Les récits s’accompagnent d’illustrations quelque peu fantaisistes réalisées par des dessinateurs qui n’étaient pas sur les lieux.

Le récit de Blanchard lui-même est emprunt d’anecdotes auxquelles il ne faut pas trop accorder de crédit. Entre autres, il déclare avoir été saisi par la faim et par un froid intense. Il dit aussi avoir presque perdu connaissance à cause de la légèreté de l’air et regretter de n’avoir pas avec lui son tabac à priser. Il aurait selon lui échappé à une chute dans la Seine s’il n’avait ramé pour survoler la terre ferme. Son récit est moqué et qualifié de « gasconnades à la Blanchard »

La première traversée de la Manche par les airs

Cette journée du 2 mars 1784, n’est que le début de la célébrité de Jean-Pierre Blanchard. Il effectue la même année deux vols à Rouen puis un vol à Londres. L’année suivante, le 7 janvier 1785, il devient le premier homme à traverser la Manche par les airs, avant Blériot, lui assurant une renommée au-delà des frontières.

Il enchaîne alors les démonstrations dans le monde entier, de la Hollande à l’Allemagne. A Lille, il laisse tomber un chien en parachute; il arrive indemne au sol.
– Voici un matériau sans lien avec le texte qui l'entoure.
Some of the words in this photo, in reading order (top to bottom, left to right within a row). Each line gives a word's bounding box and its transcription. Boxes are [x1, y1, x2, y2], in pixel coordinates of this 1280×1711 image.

A Gand il monte trop haut, le froid étant insupportable il crève le ballon, coupe les liens de la nacelle tandis qu’il touche le sol sans dommage, accroché aux cordages.
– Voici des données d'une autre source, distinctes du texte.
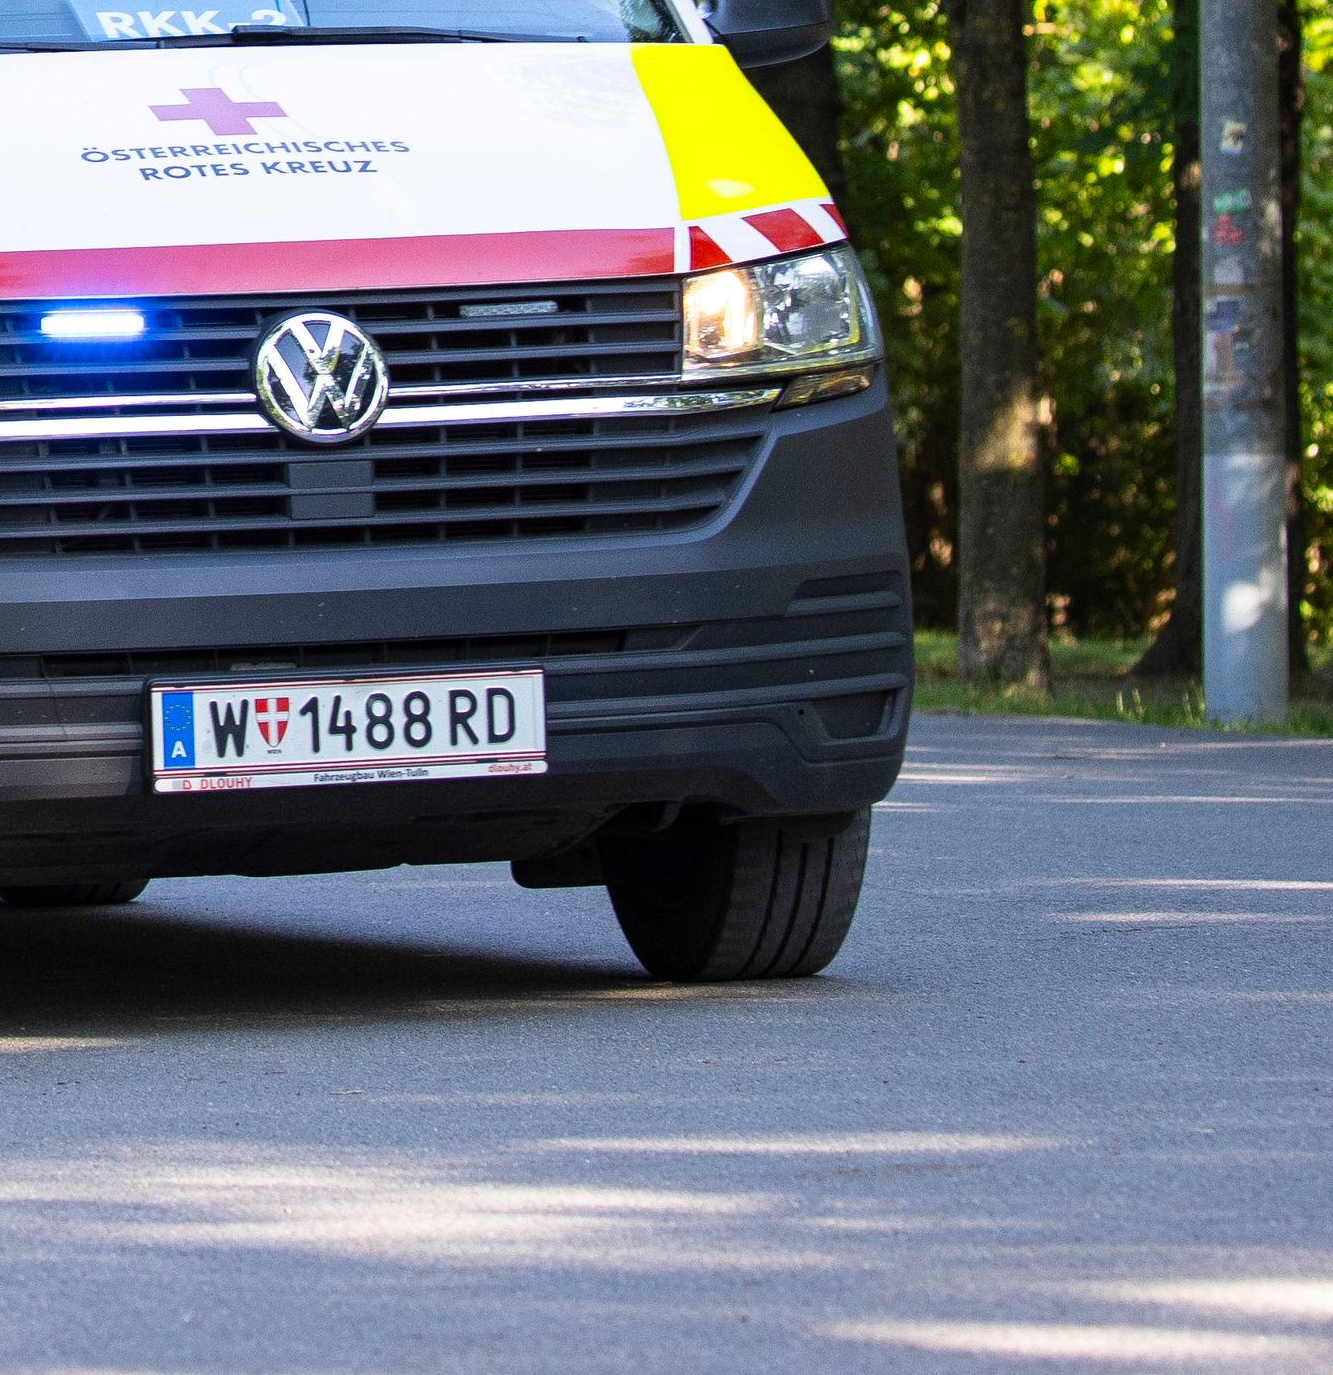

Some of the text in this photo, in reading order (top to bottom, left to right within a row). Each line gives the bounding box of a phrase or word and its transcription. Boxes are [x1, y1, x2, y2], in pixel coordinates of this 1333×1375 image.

[81, 140, 411, 163] ÖSTERREICHISCHES
[139, 160, 378, 181] ROTES KREUZ
[256, 313, 388, 435] VW
[210, 698, 249, 758] W
[171, 741, 187, 758] A
[200, 777, 252, 789] DLOUHY
[313, 772, 375, 782] Fahrzeugbau
En 1793, alors que la France subit la Terreur révolutionnaire, il s’installe pour quatre années aux Etats-Unis où il effectue des démonstrations devant le président George Washington et ses successeurs.

Le 20 février 1808, lors de sa 66ème ascension près de La Haye, il est frappé d’apoplexie et chute de 18 mètres de hauteur. Il est soigné et transporté en France. Il y meurt un an plus tard, probablement des suites de ses blessures.

Mais le nom de Blanchard continue de faire parler : sa seconde épouse, Sophie Blanchard, devient la première aérostière professionnelle. Elle accumule les vols jusqu’au 6 juillet 1819. Ce jour-là, alors qu’elle est en démonstration à Paris, elle lance des fusées d’artifice depuis son aéronef. L’un d’eux enflamme l’enveloppe du ballon gonflé à l’hydrogène. Celui-ci descend lentement mais, alors qu’il passe au dessus des toits, une cheminée renverse le contenu de la nacelle et l’aérostière se brise la nuque en tombant dans la rue de Provence.

Un siècle plus tard, Billancourt deviendra le berceau de l’industrie aéronautique. Ce seront des « plus lourds que l’air » comme ceux des frères Voisin, de Farman ou d’Esnault-Pelterie. Et ceux-là ne seront pas arrivés à Billancourt par hasard.


1L’intervention de Joantho Dujeant et Guitelle, personnages bien réels de la ferme à l’époque, est fictive.

3 Replies to “Le vaisseau volant de monsieur Blanchard”

  1. Y’a-t-il une découverte qui ne soit pas passée par Boulogne-Billancourt? J’en doute. Chaque fois plus curieux et intéressé par ces articles. Merci.